**Task prompt:**
Your answer must be an exact copy of every record below.

╭──

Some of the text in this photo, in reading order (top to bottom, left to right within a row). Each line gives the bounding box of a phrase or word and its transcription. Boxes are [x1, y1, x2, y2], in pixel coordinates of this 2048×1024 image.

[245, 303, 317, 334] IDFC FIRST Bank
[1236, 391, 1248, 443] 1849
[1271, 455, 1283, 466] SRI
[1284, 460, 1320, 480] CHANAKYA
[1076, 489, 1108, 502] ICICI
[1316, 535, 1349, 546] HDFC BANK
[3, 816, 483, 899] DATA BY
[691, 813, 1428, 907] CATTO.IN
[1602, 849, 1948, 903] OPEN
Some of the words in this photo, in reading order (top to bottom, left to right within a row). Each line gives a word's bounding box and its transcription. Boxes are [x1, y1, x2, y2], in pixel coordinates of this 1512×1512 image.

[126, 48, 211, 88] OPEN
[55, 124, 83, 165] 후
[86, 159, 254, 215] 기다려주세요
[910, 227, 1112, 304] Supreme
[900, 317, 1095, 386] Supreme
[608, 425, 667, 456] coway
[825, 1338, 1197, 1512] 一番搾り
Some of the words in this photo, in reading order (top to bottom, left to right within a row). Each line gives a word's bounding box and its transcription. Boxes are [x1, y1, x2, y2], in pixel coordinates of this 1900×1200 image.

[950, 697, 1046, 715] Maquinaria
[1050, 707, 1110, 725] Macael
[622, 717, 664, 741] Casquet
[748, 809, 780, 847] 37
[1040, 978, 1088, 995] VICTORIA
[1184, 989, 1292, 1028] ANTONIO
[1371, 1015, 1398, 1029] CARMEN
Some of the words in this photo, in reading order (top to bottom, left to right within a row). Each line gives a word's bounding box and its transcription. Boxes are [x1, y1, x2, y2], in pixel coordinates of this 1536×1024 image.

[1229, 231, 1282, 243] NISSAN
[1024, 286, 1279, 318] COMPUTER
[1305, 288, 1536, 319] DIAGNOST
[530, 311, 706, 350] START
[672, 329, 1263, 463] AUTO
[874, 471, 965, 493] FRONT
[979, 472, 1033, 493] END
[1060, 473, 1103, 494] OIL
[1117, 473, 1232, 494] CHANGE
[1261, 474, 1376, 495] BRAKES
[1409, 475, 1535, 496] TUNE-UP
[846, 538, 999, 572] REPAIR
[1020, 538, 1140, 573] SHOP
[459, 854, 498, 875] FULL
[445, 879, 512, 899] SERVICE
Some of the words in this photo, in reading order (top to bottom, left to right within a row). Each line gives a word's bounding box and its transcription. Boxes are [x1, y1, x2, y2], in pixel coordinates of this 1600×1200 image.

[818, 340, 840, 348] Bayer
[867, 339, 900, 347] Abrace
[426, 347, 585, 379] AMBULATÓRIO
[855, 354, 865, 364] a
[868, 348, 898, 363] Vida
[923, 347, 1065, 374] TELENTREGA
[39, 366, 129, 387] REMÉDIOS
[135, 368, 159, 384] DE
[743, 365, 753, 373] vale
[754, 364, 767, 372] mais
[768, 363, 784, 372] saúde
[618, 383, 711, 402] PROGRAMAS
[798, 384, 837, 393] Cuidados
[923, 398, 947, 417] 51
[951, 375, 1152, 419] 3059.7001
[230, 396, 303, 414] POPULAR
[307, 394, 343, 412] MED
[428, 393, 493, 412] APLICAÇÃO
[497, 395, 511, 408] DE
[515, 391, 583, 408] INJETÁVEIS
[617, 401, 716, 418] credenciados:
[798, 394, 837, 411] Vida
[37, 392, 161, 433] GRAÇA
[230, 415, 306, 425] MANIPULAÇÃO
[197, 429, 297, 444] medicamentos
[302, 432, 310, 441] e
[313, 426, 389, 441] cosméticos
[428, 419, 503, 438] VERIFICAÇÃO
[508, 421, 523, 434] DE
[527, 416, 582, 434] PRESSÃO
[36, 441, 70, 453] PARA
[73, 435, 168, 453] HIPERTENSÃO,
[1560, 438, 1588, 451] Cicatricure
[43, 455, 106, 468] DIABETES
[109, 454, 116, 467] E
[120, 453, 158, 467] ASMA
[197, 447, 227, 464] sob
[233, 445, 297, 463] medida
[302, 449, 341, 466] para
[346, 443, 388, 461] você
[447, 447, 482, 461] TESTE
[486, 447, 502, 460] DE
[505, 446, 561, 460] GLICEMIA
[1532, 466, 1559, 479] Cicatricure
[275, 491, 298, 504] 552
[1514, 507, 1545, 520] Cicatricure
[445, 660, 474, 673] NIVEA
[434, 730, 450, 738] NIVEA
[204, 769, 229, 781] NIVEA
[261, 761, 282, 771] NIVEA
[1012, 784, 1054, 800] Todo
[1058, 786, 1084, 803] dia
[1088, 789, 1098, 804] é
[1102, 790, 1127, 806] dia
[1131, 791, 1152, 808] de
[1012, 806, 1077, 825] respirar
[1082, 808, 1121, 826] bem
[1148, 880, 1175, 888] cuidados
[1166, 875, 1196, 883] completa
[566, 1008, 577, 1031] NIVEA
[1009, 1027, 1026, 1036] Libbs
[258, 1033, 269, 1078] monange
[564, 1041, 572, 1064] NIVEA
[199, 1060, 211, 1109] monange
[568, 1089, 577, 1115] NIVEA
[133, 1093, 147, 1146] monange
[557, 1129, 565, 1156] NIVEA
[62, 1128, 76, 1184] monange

╰──

**Solution below:**
Some of the text in this photo, in reading order (top to bottom, left to right within a row). Each line gives the bounding box of a phrase or word and its transcription. Boxes are [x1, y1, x2, y2], in pixel coordinates of this 2048×1024 image.

[245, 303, 317, 334] IDFC FIRST Bank
[1236, 391, 1248, 443] 1849
[1271, 455, 1283, 466] SRI
[1284, 460, 1320, 480] CHANAKYA
[1076, 489, 1108, 502] ICICI
[1316, 535, 1349, 546] HDFC BANK
[3, 816, 483, 899] DATA BY
[691, 813, 1428, 907] CATTO.IN
[1602, 849, 1948, 903] OPEN
Some of the words in this photo, in reading order (top to bottom, left to right within a row). Each line gives a word's bounding box and its transcription. Boxes are [x1, y1, x2, y2], in pixel coordinates of this 1512×1512 image.

[126, 48, 211, 88] OPEN
[55, 124, 83, 165] 후
[86, 159, 254, 215] 기다려주세요
[910, 227, 1112, 304] Supreme
[900, 317, 1095, 386] Supreme
[608, 425, 667, 456] coway
[825, 1338, 1197, 1512] 一番搾り
Some of the words in this photo, in reading order (top to bottom, left to right within a row). Each line gives a word's bounding box and its transcription. Boxes are [x1, y1, x2, y2], in pixel coordinates of this 1900×1200 image.

[950, 697, 1046, 715] Maquinaria
[1050, 707, 1110, 725] Macael
[622, 717, 664, 741] Casquet
[748, 809, 780, 847] 37
[1040, 978, 1088, 995] VICTORIA
[1184, 989, 1292, 1028] ANTONIO
[1371, 1015, 1398, 1029] CARMEN
Some of the words in this photo, in reading order (top to bottom, left to right within a row). Each line gives a word's bounding box and its transcription. Boxes are [x1, y1, x2, y2], in pixel coordinates of this 1536×1024 image.

[1229, 231, 1282, 243] NISSAN
[1024, 286, 1279, 318] COMPUTER
[1305, 288, 1536, 319] DIAGNOST
[530, 311, 706, 350] START
[672, 329, 1263, 463] AUTO
[874, 471, 965, 493] FRONT
[979, 472, 1033, 493] END
[1060, 473, 1103, 494] OIL
[1117, 473, 1232, 494] CHANGE
[1261, 474, 1376, 495] BRAKES
[1409, 475, 1535, 496] TUNE-UP
[846, 538, 999, 572] REPAIR
[1020, 538, 1140, 573] SHOP
[459, 854, 498, 875] FULL
[445, 879, 512, 899] SERVICE
Some of the words in this photo, in reading order (top to bottom, left to right within a row). Each line gives a word's bounding box and its transcription. Boxes are [x1, y1, x2, y2], in pixel coordinates of this 1600×1200 image.

[818, 340, 840, 348] Bayer
[867, 339, 900, 347] Abrace
[426, 347, 585, 379] AMBULATÓRIO
[855, 354, 865, 364] a
[868, 348, 898, 363] Vida
[923, 347, 1065, 374] TELENTREGA
[39, 366, 129, 387] REMÉDIOS
[135, 368, 159, 384] DE
[743, 365, 753, 373] vale
[754, 364, 767, 372] mais
[768, 363, 784, 372] saúde
[618, 383, 711, 402] PROGRAMAS
[798, 384, 837, 393] Cuidados
[923, 398, 947, 417] 51
[951, 375, 1152, 419] 3059.7001
[230, 396, 303, 414] POPULAR
[307, 394, 343, 412] MED
[428, 393, 493, 412] APLICAÇÃO
[497, 395, 511, 408] DE
[515, 391, 583, 408] INJETÁVEIS
[617, 401, 716, 418] credenciados:
[798, 394, 837, 411] Vida
[37, 392, 161, 433] GRAÇA
[230, 415, 306, 425] MANIPULAÇÃO
[197, 429, 297, 444] medicamentos
[302, 432, 310, 441] e
[313, 426, 389, 441] cosméticos
[428, 419, 503, 438] VERIFICAÇÃO
[508, 421, 523, 434] DE
[527, 416, 582, 434] PRESSÃO
[36, 441, 70, 453] PARA
[73, 435, 168, 453] HIPERTENSÃO,
[1560, 438, 1588, 451] Cicatricure
[43, 455, 106, 468] DIABETES
[109, 454, 116, 467] E
[120, 453, 158, 467] ASMA
[197, 447, 227, 464] sob
[233, 445, 297, 463] medida
[302, 449, 341, 466] para
[346, 443, 388, 461] você
[447, 447, 482, 461] TESTE
[486, 447, 502, 460] DE
[505, 446, 561, 460] GLICEMIA
[1532, 466, 1559, 479] Cicatricure
[275, 491, 298, 504] 552
[1514, 507, 1545, 520] Cicatricure
[445, 660, 474, 673] NIVEA
[434, 730, 450, 738] NIVEA
[204, 769, 229, 781] NIVEA
[261, 761, 282, 771] NIVEA
[1012, 784, 1054, 800] Todo
[1058, 786, 1084, 803] dia
[1088, 789, 1098, 804] é
[1102, 790, 1127, 806] dia
[1131, 791, 1152, 808] de
[1012, 806, 1077, 825] respirar
[1082, 808, 1121, 826] bem
[1148, 880, 1175, 888] cuidados
[1166, 875, 1196, 883] completa
[566, 1008, 577, 1031] NIVEA
[1009, 1027, 1026, 1036] Libbs
[258, 1033, 269, 1078] monange
[564, 1041, 572, 1064] NIVEA
[199, 1060, 211, 1109] monange
[568, 1089, 577, 1115] NIVEA
[133, 1093, 147, 1146] monange
[557, 1129, 565, 1156] NIVEA
[62, 1128, 76, 1184] monange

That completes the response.